Tuesday, December 10, 2013

Database-as-a-Service will be fastest growing Cloud Service in 2014 and beyond [feedly]

Database-as-a-Service will be fastest growing Cloud Service in 2014 and beyond
http://feedly.com/e/o5kBidYo

As compute, storage and networking as-a-Service are commoditized, Database-as-a-Service is poised to become the next high value cloud offering that enterprises and Cloud Providers must pay attention to. Delivering databases securely with high levels of reliability, data durability, performance and privacy or governance is challenging and that's the reason it's an attractive high margin services for Cloud Providers (public or managed private cloud providers including VMware VSPP providers offering vCloud or managed vSphere-based solutions).
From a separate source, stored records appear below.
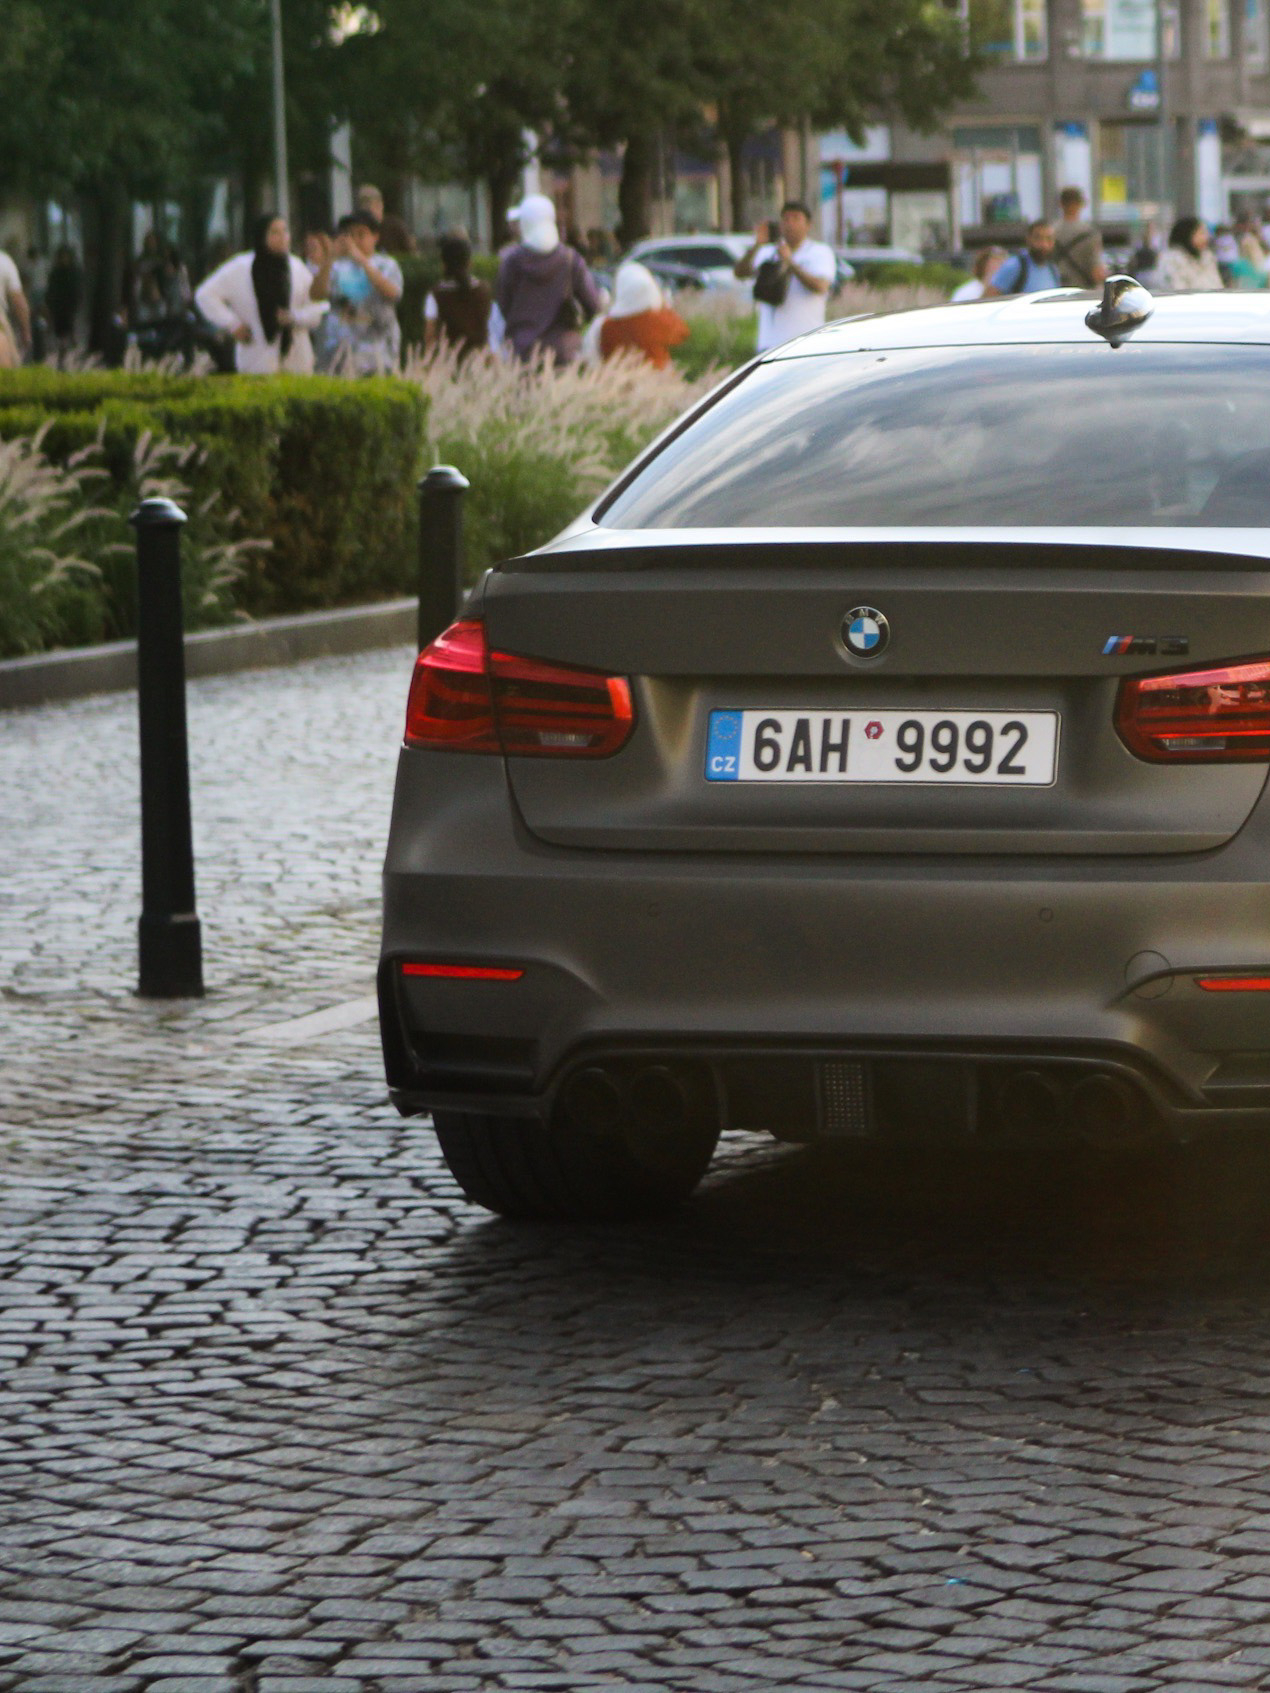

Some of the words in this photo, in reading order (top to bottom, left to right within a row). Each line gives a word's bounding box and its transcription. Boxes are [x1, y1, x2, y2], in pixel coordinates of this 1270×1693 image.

[845, 608, 887, 625] BMW
[1127, 635, 1189, 655] M3
[752, 717, 852, 773] 6AH
[894, 719, 1029, 776] 9992
[711, 757, 736, 773] CZ
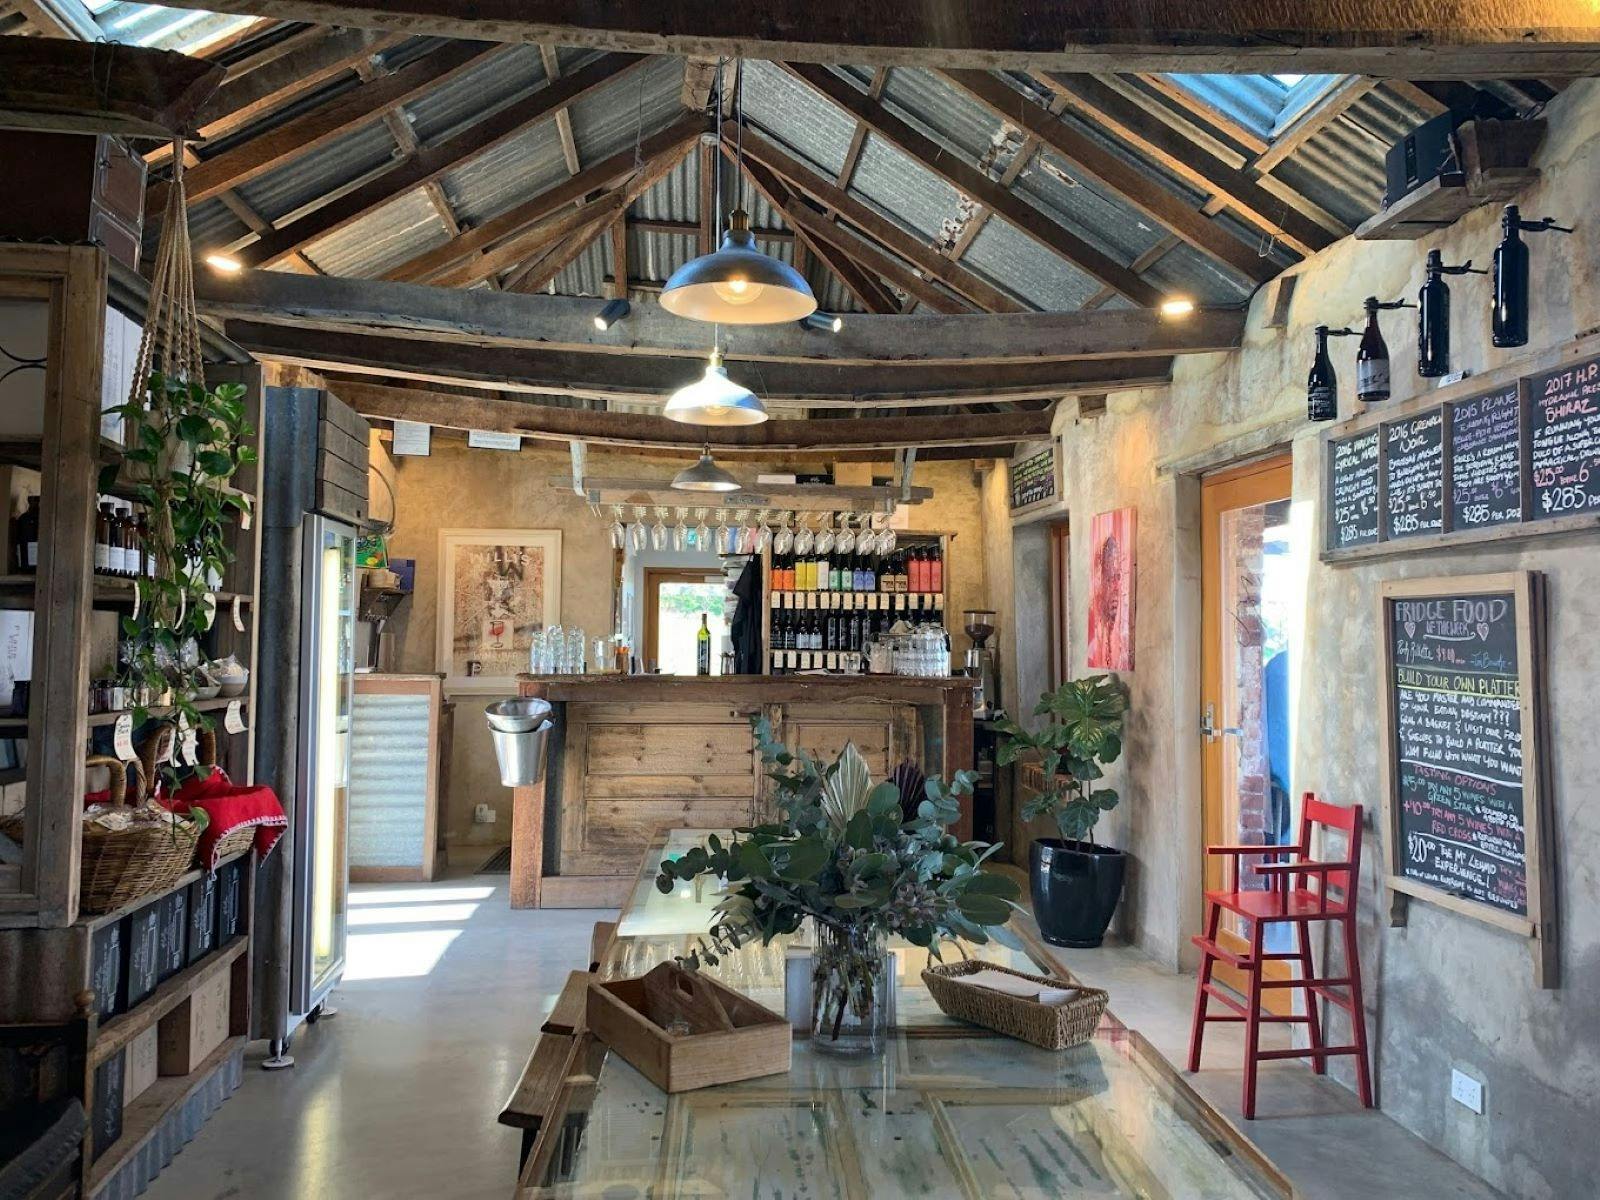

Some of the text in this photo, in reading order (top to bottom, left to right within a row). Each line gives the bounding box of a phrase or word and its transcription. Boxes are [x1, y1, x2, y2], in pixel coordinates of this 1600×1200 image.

[1545, 372, 1572, 395] 2017
[1545, 398, 1598, 423] SHIRAZ
[1388, 424, 1408, 442] 2016
[1541, 485, 1587, 513] $285
[1393, 513, 1420, 535] $285
[1462, 504, 1490, 523] $285
[1396, 599, 1508, 623] FRIDGE FOOD
[1398, 668, 1422, 686] BUILD
[1424, 673, 1450, 690] YOUR
[1454, 676, 1475, 692] OWN
[1453, 787, 1462, 801] 5
[1455, 775, 1497, 796] OPTIONS
[1432, 820, 1472, 842] RED CROSS
[1458, 815, 1465, 826] 5
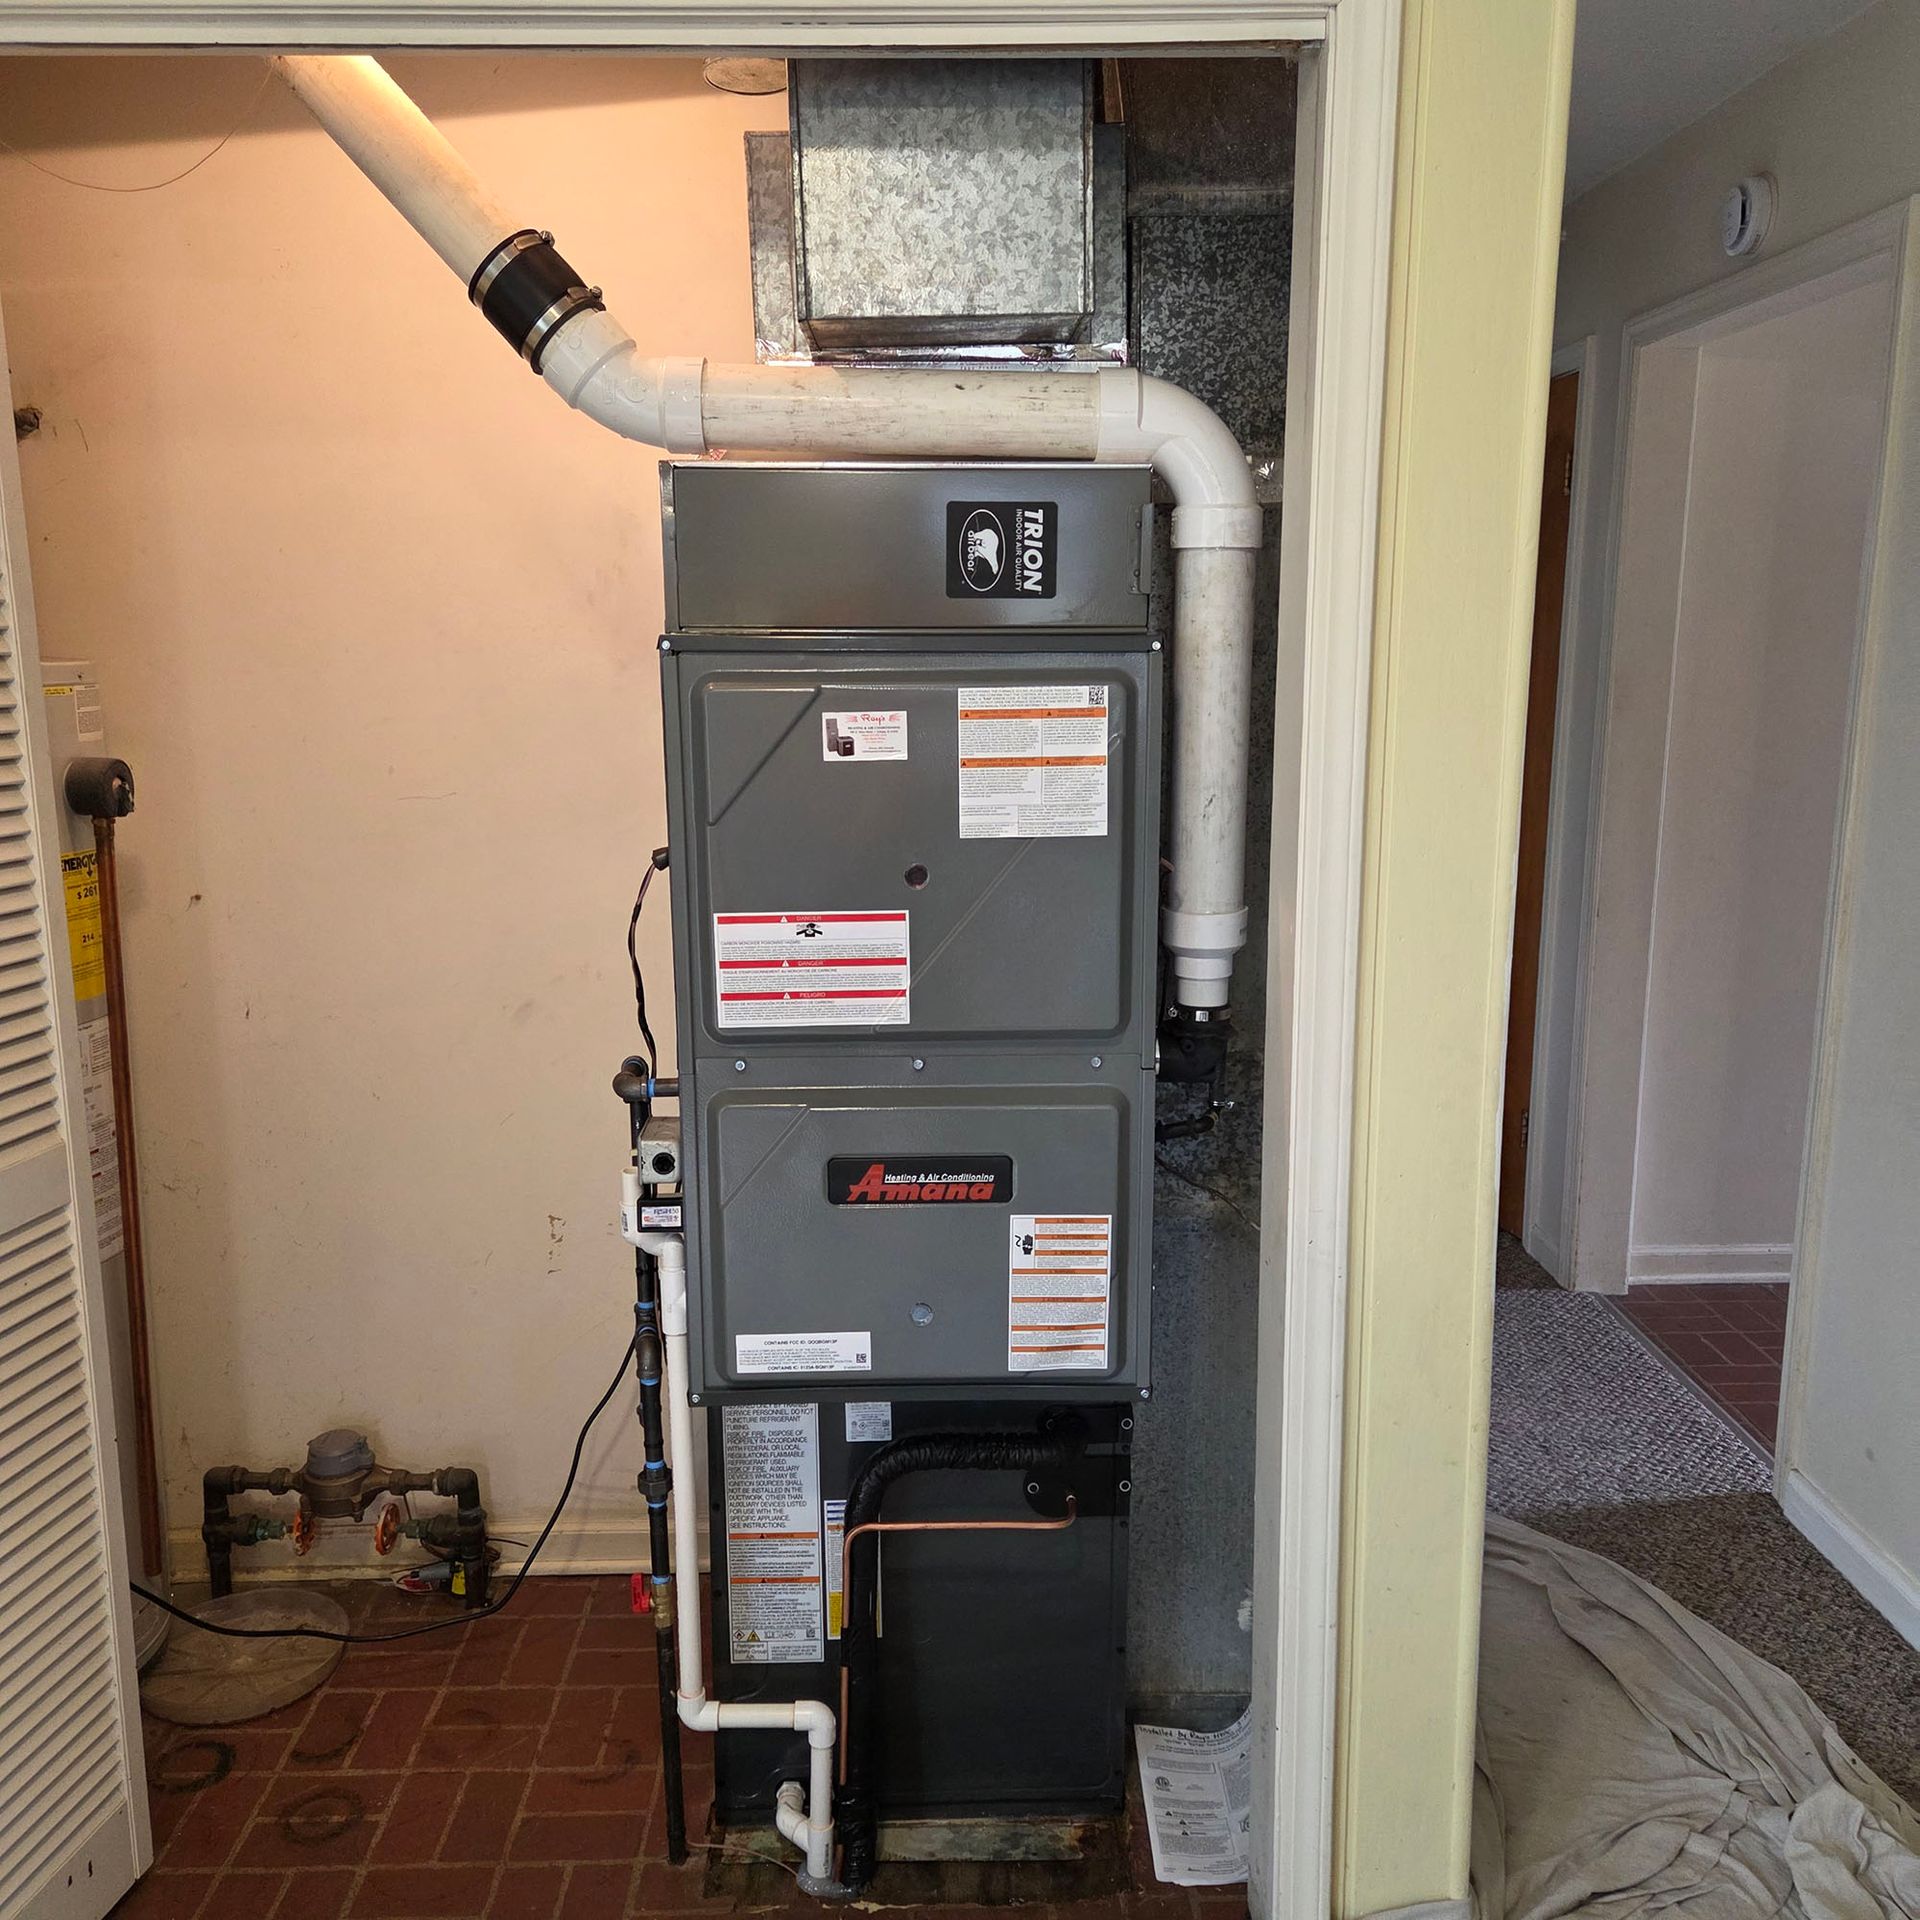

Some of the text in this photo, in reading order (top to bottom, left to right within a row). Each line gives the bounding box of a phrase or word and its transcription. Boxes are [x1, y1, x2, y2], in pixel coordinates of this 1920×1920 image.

[1023, 509, 1043, 592] TRION
[847, 1164, 995, 1201] Amana
[884, 1174, 917, 1183] Heating
[927, 1173, 939, 1181] Air
[941, 1173, 994, 1182] Conditioning
Cloud Providers offering managed hosting services to enterprises can now consider delivering Database-as-a-Service and accelerate time-to-market for their customers while lowering the overall cost of managing and delivering services themselves.

Cloud offerings are drastically changing the way enterprise customers (especially developers) consume application services. Primarily due to the instantaneous access  of Amazon Web Services, developers and Ops alike have come to expect instant availability of managed cloud services such as databases, containers, cache clusters, load balancer, etc. It's hard to imagine, that enterprise developers will call their providers to install, setup and  configure databases and expect to have it ready in few days or weeks. If developers don't get instant access to application infrastructure, they will look for a provider that offers it.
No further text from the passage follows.